Adoption of the Housing and Economic Strategic Strategic Plan: Building a Livable Community for All is a culmination of four years of community conversation, research, Council and staff work, and more. The themes of the Strategic Plan are:

  • Preserve existing businesses and affordable housing in Takoma Park, including in revitalizing areas.
  • Produce more housing and opportunities for businesses to start and grow across the income spectrum and in neighborhoods across the City to meet the diverse housing and economic needs.
  • Protect renters, homeowners, and local businesses from discrimination and displacement; and protect our environment from destruction.

The Plan is guided by our race equity and environmental sustainability goals. You can read the full Plan here and more background information on how we got here.

The City staff have already begun working on implementation steps, such as our Home Stretch down payment assistance program that has already helped move three Takoma Park families from renting to homeownership and each year the Council continues to fund the Affordable Housing Reserve, which we established in 2016 knowing that we need resources to address housing affordability and ensure stable, quality housing for people across income and wealth levels.

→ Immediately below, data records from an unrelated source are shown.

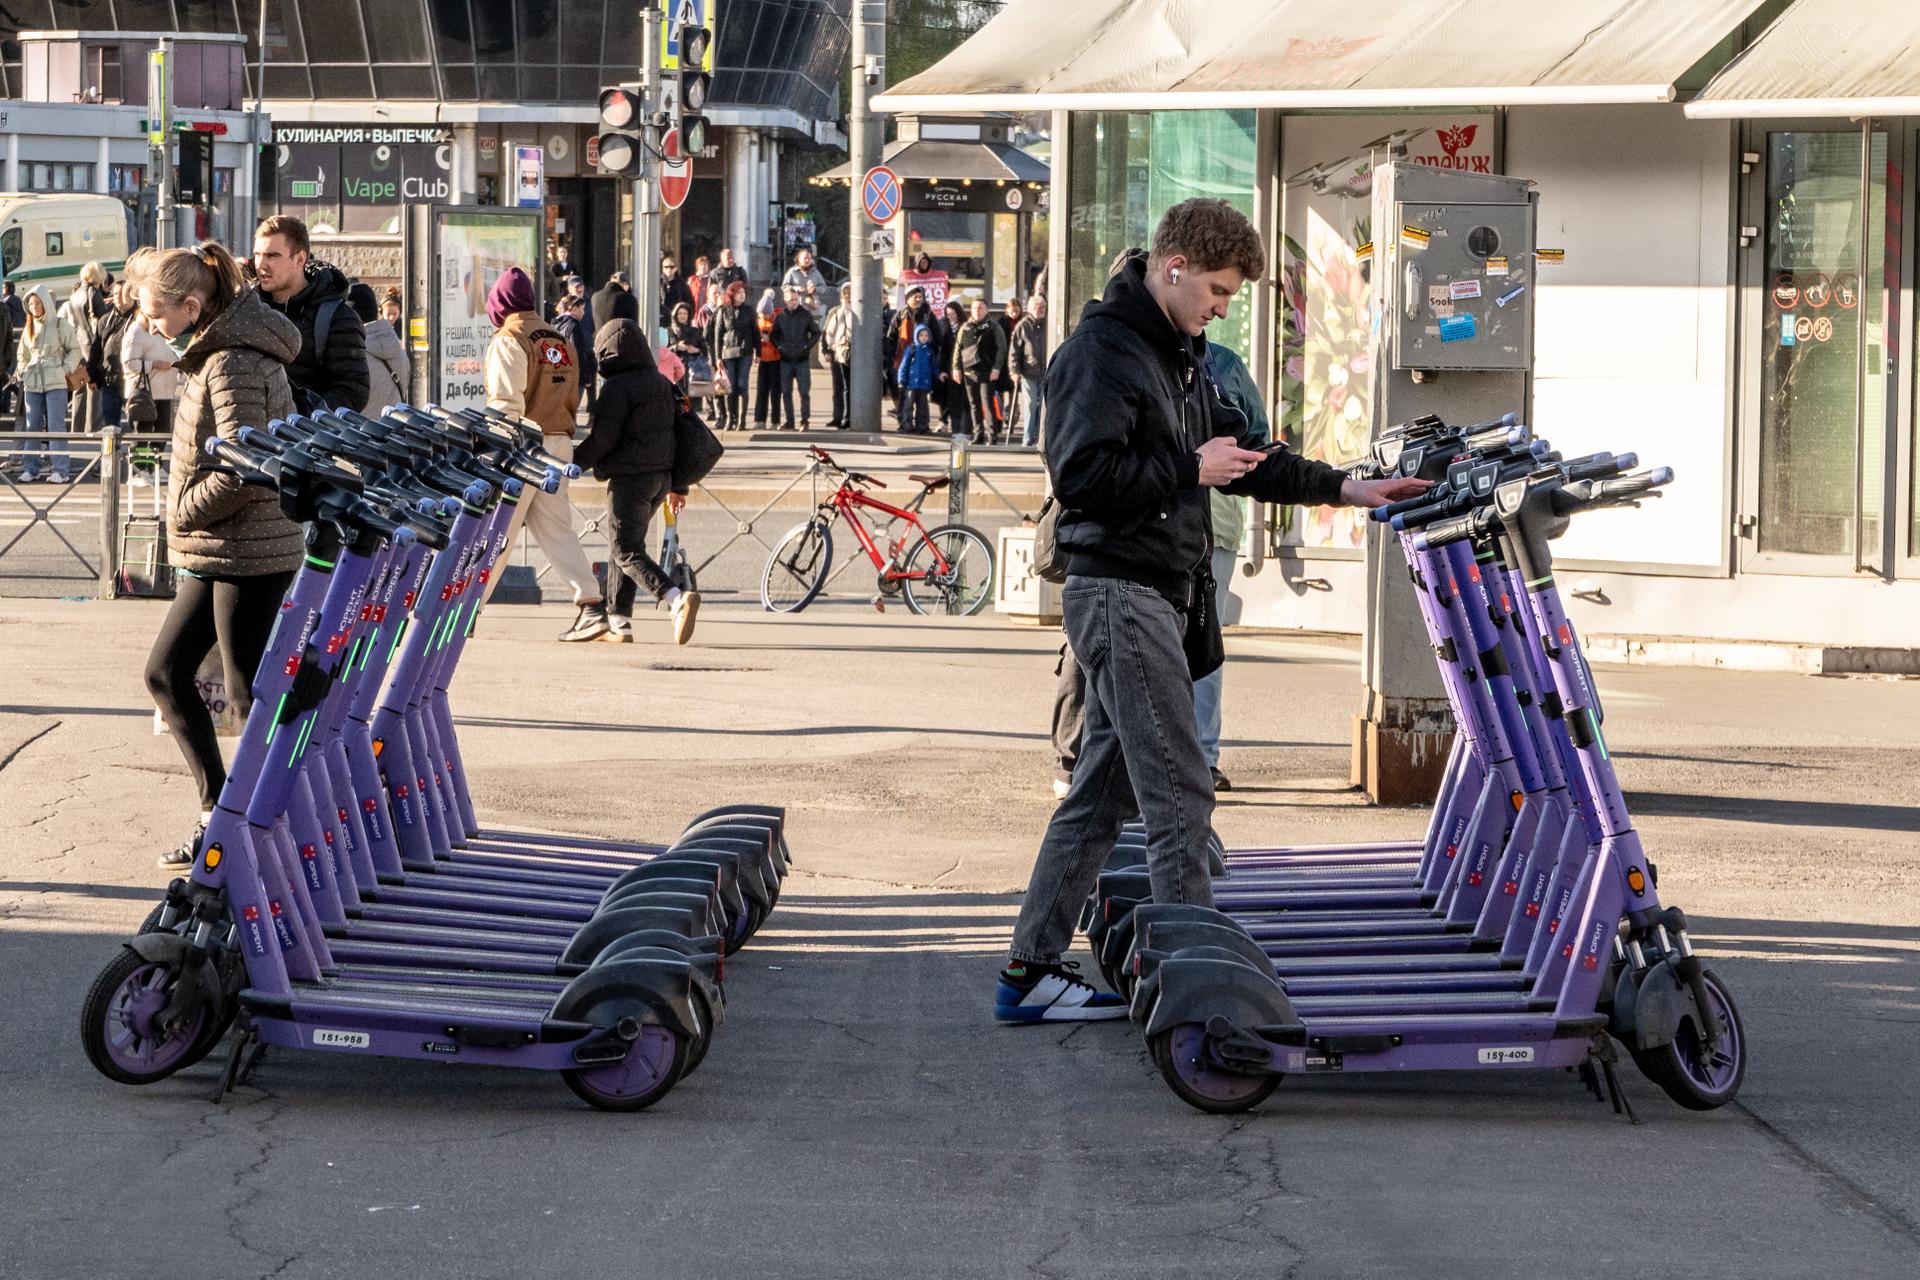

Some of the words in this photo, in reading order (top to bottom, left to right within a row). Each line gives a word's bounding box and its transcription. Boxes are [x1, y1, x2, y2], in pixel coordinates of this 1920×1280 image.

[277, 128, 363, 143] КУЛИНАРИЯ
[372, 128, 445, 143] ВЫПЕЧКА
[344, 177, 396, 203] Vape
[403, 177, 449, 198] Club
[925, 193, 968, 201] РУССКАЯ
[446, 326, 475, 341] РЕШИЛ,
[477, 325, 493, 339] ЧТО
[446, 344, 477, 358] КАШЕЛЬ
[446, 362, 456, 376] НЕ
[457, 362, 481, 376] ИЗ-ЗА
[446, 382, 461, 401] Да
[463, 381, 486, 400] бро
[451, 545, 469, 581] ЮРЕНТ
[383, 564, 401, 603] ЮРЕНТ
[339, 588, 358, 632] ЮРЕНТ
[296, 607, 316, 652] ЮРЕНТ
[1570, 648, 1588, 693] ЮРЕНТ
[1533, 873, 1546, 901] ЮРЕНТ
[250, 922, 264, 953] ЮРЕНТ
[276, 918, 293, 947] ЮРЕНТ
[1590, 922, 1603, 953] ЮРЕНТ
[321, 1033, 363, 1044] 151-958
[1487, 1050, 1528, 1063] 159-400

This year, we also continued to provide assistance to residents in need of help. In the budget we passed this spring, we included:

  • $174,500 for our Tax Rebate Program for nearly 150 low-income homeowners who qualify to receive assistance on paying their property taxes. The Council also included an additional $22,500 for new rebate programs for those eligible based on income and will be discussing the next steps on these before the next budget.
  • Assistance for residents in need: $55,000 is in the budget for income-based emergency assistance, which provides families with assistance for things such as rent, health care costs, and other expenses in emergency situations.

As we move into 2020, continuing to implement the strategies in the Strategic Plan will be a top priority for the City.

2. Declaration of Climate Change Emergency: Working Toward 100% Reduction by 2035

Building on the work we have already been doing on climate change, this spring the City declared a climate emergency, establishing a goal to reduce the City’s greenhouse gas emissions 100% by the year 2035. Over the last year, under the direction of our Sustainability Manager, Gina Mathias, we have been working to update our Sustainability Plan from 2014 to put in place the needed strategies to take aggressive action on climate change in the City. I want to thank Councilwoman Dyballa for her continued work in this area and representing the City at numerous regional and national meetings on this issue.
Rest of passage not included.